The Doctor moved closer, took Sam's chin in his hands. 'And there's another thing. You keep using this pretension to the first person that really isn't necessary any more. Not for any of you. Is it?'
Suddenly the Doctor's fingers dug into Sam's face. She gasped with pain but did not pull away. The Doctor stepped back. Watched as the wounds his fingers had left in her flesh healed; the skin reforming, the bruises fading from black to healthy perfection in a matter of seconds.
'How much of Sam is left in there?'
Sam stood slowly. She seemed to be a little taller than he remembered. 'I am all Sam. Sam I am. Sam made perfect in the light of my own divinity.'
The Doctor sighed. 'I want to tell you a story.'
He waited. Nothing. He said,'Once upon a time there was an old star. Old, red, dying. Its planets dying too. Any intelligent species born within this star's solar system had long since left. There was a storm coming, you see. A storm called nova. The only life remaining in this system was the shabby remnants of a once technologically proud civilisation eking out a pitiful existence on the bleak tundra that were the inner worlds. That and a handful of creatures so old, all they had left to experience was death.
'And that's how it was... until they arrived. No one knows who they were. No one knows why they picked this solar system in which to incubate their infant. They were as big as worlds. Ent.i.ties whose age was almost immeasurable. Ent.i.ties to whom time itself was a meaningless concept. Perhaps they weren't even from this universe at all. It doesn't matter. What mattered was that they changed things around here. They put their newly conceived infant into the old red star and gave it new life to nurse the infant.
'The result: a new, yellow sun. An impossible sun. A lease of new life running to millions of years.

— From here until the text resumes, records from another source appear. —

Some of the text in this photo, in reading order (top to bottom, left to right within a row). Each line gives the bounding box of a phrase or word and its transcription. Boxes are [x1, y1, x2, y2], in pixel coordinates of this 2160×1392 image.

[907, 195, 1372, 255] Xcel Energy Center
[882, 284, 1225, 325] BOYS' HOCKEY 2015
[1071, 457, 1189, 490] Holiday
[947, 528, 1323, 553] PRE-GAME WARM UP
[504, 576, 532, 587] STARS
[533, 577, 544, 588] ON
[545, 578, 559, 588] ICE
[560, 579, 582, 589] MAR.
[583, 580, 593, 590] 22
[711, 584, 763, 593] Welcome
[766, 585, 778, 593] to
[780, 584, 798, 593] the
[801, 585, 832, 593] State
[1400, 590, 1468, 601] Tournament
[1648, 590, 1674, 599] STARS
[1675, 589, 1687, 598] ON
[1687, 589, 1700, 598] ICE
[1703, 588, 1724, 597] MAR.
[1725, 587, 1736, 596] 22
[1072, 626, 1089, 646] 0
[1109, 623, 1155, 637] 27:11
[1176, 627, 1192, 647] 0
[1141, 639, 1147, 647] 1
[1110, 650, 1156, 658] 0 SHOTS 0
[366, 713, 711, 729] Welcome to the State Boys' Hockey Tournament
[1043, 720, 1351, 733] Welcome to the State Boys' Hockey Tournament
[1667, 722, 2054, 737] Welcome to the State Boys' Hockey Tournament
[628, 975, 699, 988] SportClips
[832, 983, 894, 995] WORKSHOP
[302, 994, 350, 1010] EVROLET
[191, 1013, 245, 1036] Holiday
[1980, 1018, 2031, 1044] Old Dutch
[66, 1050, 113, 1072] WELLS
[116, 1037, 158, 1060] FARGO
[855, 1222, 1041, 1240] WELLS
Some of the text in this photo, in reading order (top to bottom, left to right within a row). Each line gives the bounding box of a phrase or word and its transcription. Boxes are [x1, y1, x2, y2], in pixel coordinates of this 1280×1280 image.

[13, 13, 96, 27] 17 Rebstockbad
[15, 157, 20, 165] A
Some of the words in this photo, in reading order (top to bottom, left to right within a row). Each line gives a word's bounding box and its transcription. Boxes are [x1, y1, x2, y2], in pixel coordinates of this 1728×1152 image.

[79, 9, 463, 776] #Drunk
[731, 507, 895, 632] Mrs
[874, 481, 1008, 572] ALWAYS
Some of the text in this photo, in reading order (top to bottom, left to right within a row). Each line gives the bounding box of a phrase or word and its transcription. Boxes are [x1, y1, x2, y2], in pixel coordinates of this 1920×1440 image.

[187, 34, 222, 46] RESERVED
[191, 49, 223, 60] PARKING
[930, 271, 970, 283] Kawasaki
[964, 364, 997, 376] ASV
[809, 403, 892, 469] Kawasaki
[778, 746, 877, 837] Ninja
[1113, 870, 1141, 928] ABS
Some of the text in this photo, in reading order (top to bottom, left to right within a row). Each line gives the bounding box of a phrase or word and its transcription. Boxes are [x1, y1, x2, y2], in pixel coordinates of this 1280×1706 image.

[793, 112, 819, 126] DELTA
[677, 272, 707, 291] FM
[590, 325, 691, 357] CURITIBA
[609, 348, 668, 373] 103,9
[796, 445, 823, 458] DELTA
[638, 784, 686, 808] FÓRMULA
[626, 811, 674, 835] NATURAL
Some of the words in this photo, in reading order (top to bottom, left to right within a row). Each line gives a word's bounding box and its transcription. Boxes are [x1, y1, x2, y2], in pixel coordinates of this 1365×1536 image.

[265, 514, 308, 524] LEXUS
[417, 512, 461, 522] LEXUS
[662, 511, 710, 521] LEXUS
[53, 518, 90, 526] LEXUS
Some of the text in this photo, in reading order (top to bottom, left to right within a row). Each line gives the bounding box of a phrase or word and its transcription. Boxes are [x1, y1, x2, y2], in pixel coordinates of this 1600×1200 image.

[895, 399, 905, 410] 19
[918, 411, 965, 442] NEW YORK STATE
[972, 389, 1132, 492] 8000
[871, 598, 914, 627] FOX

'There were changes, obviously. New sun, more energy, more stable ecosystems. Evolution started all over again. This time it had two starting points: the decaying tool users... and on an inner world, a world on which radiation and heat from the newly reborn sun had wreaked unimaginable changes... the tool of the user.'
The Doctor waited. Sam was utterly still - perfection personified. She was like a Dresden china doll.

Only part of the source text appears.